■ **Exercise material**:
--------------------

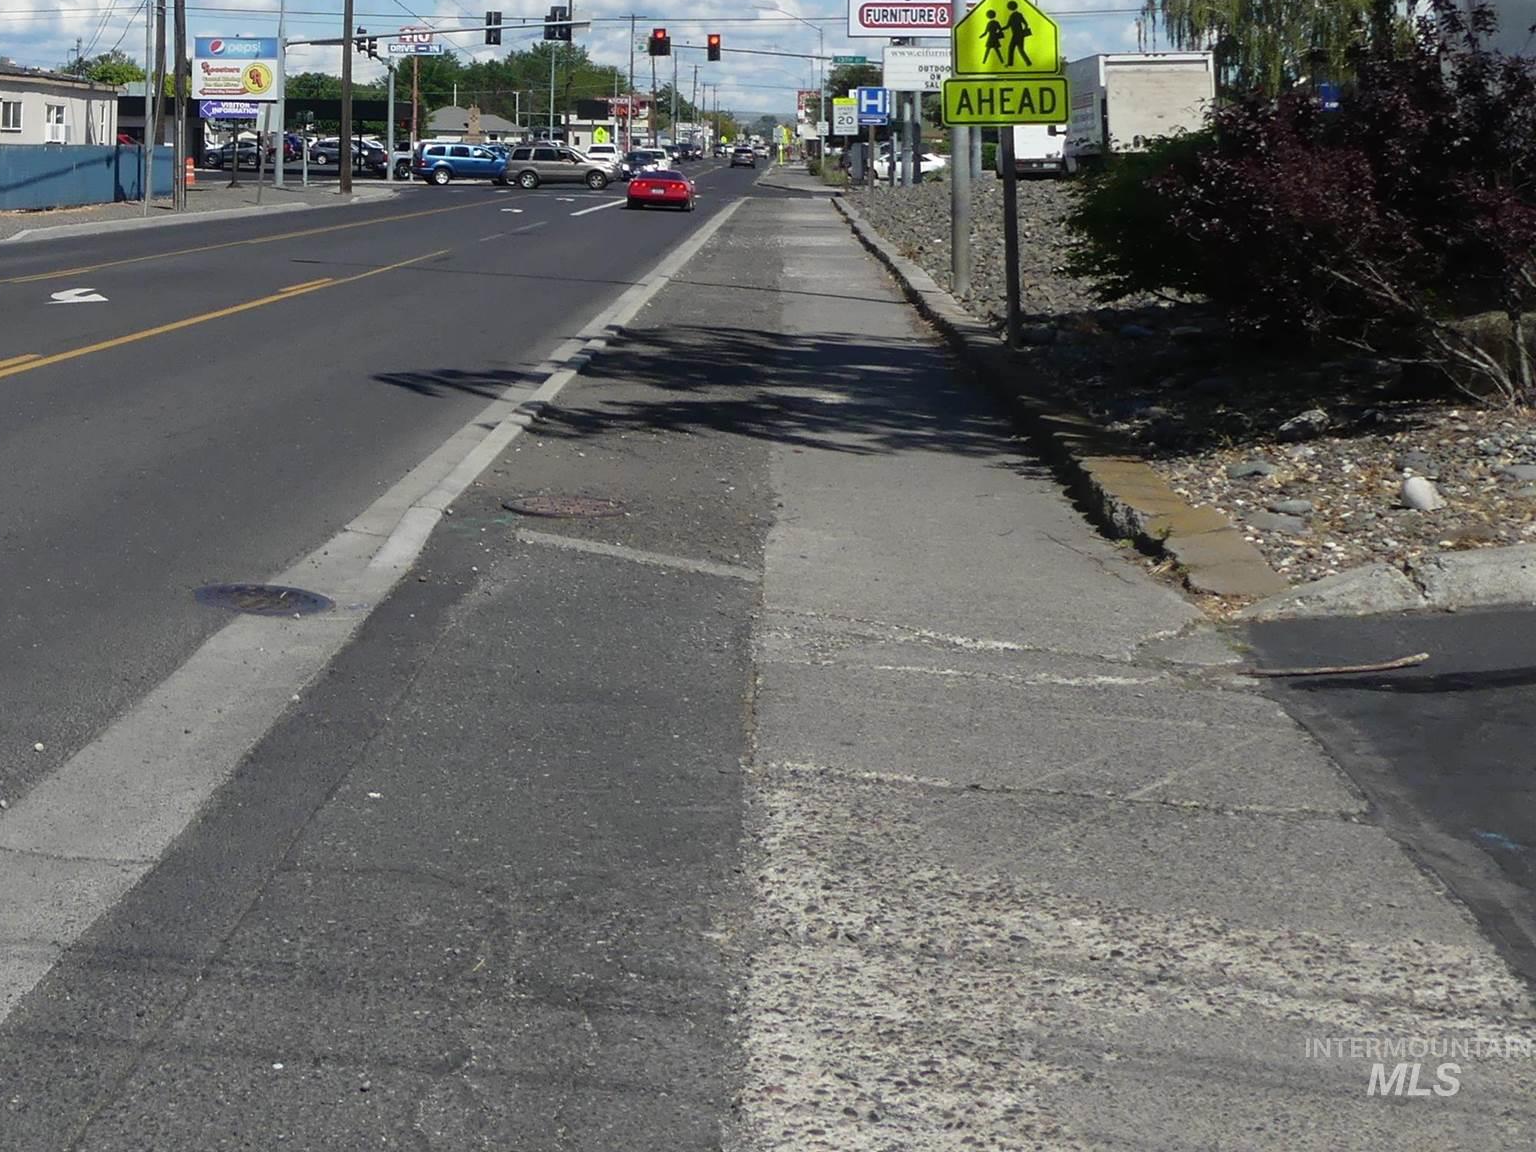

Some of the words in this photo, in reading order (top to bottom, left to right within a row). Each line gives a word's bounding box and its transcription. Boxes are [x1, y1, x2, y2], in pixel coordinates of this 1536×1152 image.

[865, 8, 934, 24] FURNITURE
[938, 8, 948, 24] &
[227, 40, 261, 53] pepsi
[925, 81, 940, 89] SAL
[861, 90, 883, 113] H
[956, 87, 1056, 115] AHEAD
[837, 115, 854, 125] 20

--------------------

■ **Directions**: Please transcribe the whole listing above exactly, with the images left out.

■ **Task response**:
Some of the words in this photo, in reading order (top to bottom, left to right within a row). Each line gives a word's bounding box and its transcription. Boxes are [x1, y1, x2, y2], in pixel coordinates of this 1536×1152 image.

[865, 8, 934, 24] FURNITURE
[938, 8, 948, 24] &
[227, 40, 261, 53] pepsi
[925, 81, 940, 89] SAL
[861, 90, 883, 113] H
[956, 87, 1056, 115] AHEAD
[837, 115, 854, 125] 20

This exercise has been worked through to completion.